Vuelta al colegio entre incertidumbres y amenazas | Mariano Mnez-Aedo

Share on facebook
Share on twitter
Share on linkedin
School children in classroom at lesson

La vuelta al colegio de este año no supone sólo los problemas típicos habituales, la crisis del COVID y la inoperancia del gobierno, que sigue sin clarificar el panorama ni las alternativas y condiciones de vuelta, están poniendo a las familias en graves aprietos.  El desconcierto, la rabia y la impotencia llenan a los padres españoles, que ven como llega la fecha de incorporación sin tener claro qué hacer, sin saber qué material comprar, qué programa van a tener, qué seguridad tendrán en el colegio o qué posibles incidentes tendrán que afrontar…

A este panorama lo empeora el fragmentado panorama español, donde la dispersión de responsabilidades entre gobierno nacional y autonomías, con 17 planes diferentes y no bien explicados, dispara esta confusión y lucha política entre los distintos actores.  A todo esto, comienza el curso y las familias siguen atónitas.

En lo único que parecen mostrar firmeza es ante la posibilidad de que los padres puedan decidir no llevar a sus hijos al colegio en este panorama tan confuso, donde la inseguridad aumenta los miedos y las desconfianzas.   ¡Ah, no!, por ahí sí que no se puede pasar, ¿cómo se atreven los padres a pensar siquiera en que sus hijos no atiendan al colegio si ellos creen que la seguridad no es suficiente o que las condiciones pueden ser peligrosas?  ¿Acaso piensan que “los hijos son suyos” como diría la ministra Celaá?

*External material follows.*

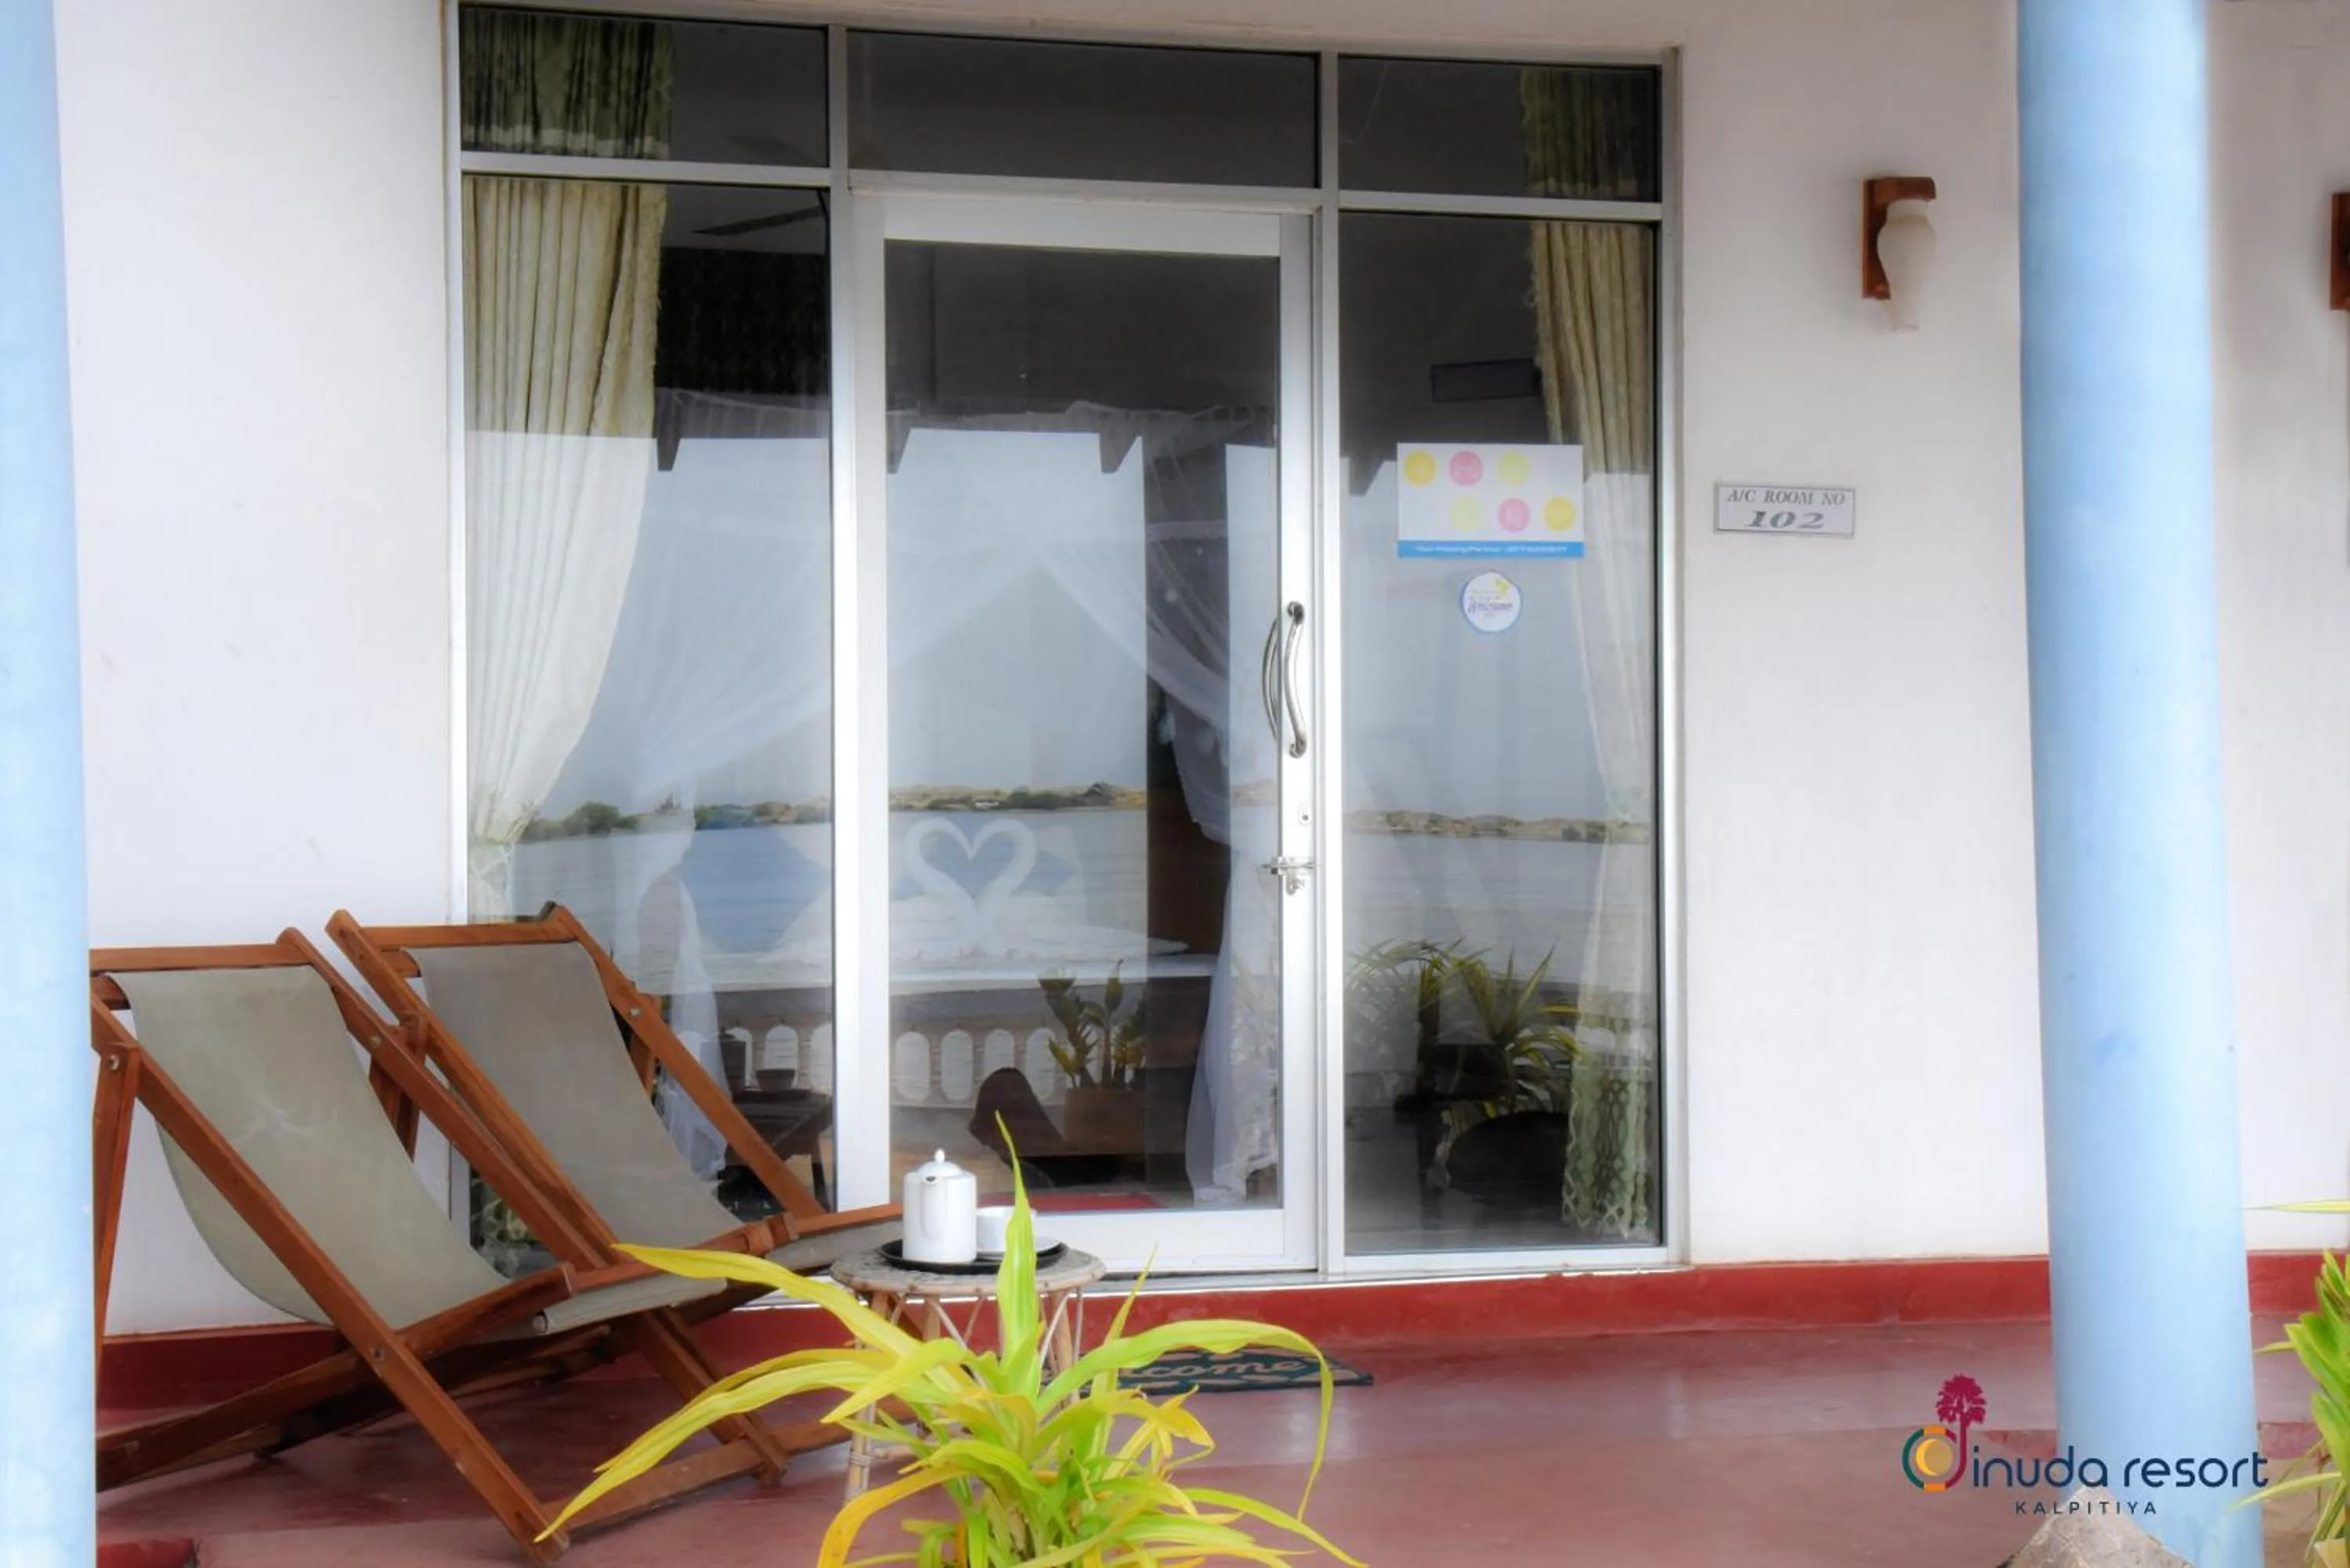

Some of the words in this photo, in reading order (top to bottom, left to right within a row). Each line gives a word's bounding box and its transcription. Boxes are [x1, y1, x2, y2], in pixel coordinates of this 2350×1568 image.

[1726, 489, 1756, 503] A/C
[1763, 490, 1814, 505] ROOM
[1821, 492, 1846, 506] NO
[1744, 510, 1825, 529] 102

No se trata ahora ni siquiera de debatir el derecho de los padres a elegir y disponer los métodos y medios de educación para sus hijos, que podrían incluir, como en otros países hasta la “educación doméstica” (“homeschooling”).  No es tan ambicioso el debate, sólo estamos planteando el derecho/obligación de los padres a cuidar y preservar la salud y la seguridad de sus hijos, recogido en el Código Civil: “La patria potestad se ejercerá siempre en beneficio de los hijos… Esta potestad comprende los siguientes deberes y facultades: 1. Velar por ellos, … educarlos … 2. Representarlos y administrar sus bienes.”

Sin embargo, frente a esta posibilidad, las administraciones sí han sido claras y han recordado la obligación de asistencia a clase, el propio Ministerio de Educación recordó en una respuesta a Europa Press que la escolarización en España es obligatoria desde los seis hasta los 16 años: «Siempre hemos defendido que la escuela es insustituible…”.

Otras personas del entorno gubernamental han afirmado que el derecho a la salud sólo prevalece al de la educación «en casos de fuerza mayor» y que los protocolos de absentismos están vigentes, contemplando desde multas hasta incluso considerarlo un delito de abandono de familia (penado con hasta seis años de prisión), a pesar de ser esto algo excepcional en un caso muy extremo.  Algún representante autonómico también ha realizado manifestaciones en el mismo sentido.

Evidentemente, no parece que sea fácil una penalización masiva de los padres que puedan optar, en algún momento, por estos abandonos escolares, especialmente cuando se produzca de forma masiva, pero es muy significativo la estrategia de la amenaza preventiva que estas declaraciones políticas representan.

Es algunos otros países ha habido situaciones similares.  Suecia, que mantuvo las escuelas abiertas obligó a los niños a asistir, habiendo habido enfrentamientos con algunos padres que se negaron.  En Reino Unido Boris Johnson afirmó que el riesgo de contraer el virus en los colegios es «muy, muy, muy pequeño» y, que, volver a las aulas es «absolutamente vital», por lo que contempla multar a los padres que no lleven a sus hijos a la escuela.

En definitiva, la gestión educativa de la crisis del COVID es nefasta.  En lugar de un planteamiento riguroso y claro, con medidas claras, escenarios definidos y mecanismos coordinados de gestión, nos encontramos con un gobierno perdido e inoperante, que es incapaz de coordinar a unas comunidades también perdidas y que para tapar esta ineficiencia, hace muchas reuniones y declaraciones confusas. 

Ante este panorama, donde lo único claro parece ser afirmar de hecho la autoridad “prioritaria” de las administraciones frente a unos padres que serían actores secundarios, urge cada vez más un cambio en el modelo, donde se reconozca de verdad el papel de los padres como representantes de los hijos a la hora de elegir y decidir sobre su formación.  Es urgente que se introduzca una auténtica libertad de enseñanza, hoy con muchas limitaciones reales, que permita a los padres decidir, de modelos y mecanismos (como puede ser el cheque escolar) que aseguren esta libertad real y no “teórica”. 

Amén de esto, también parce pertinente plantearse si tener 17 sistemas educativos en España es la mejor manera de optimizar la educación y los recursos públicos.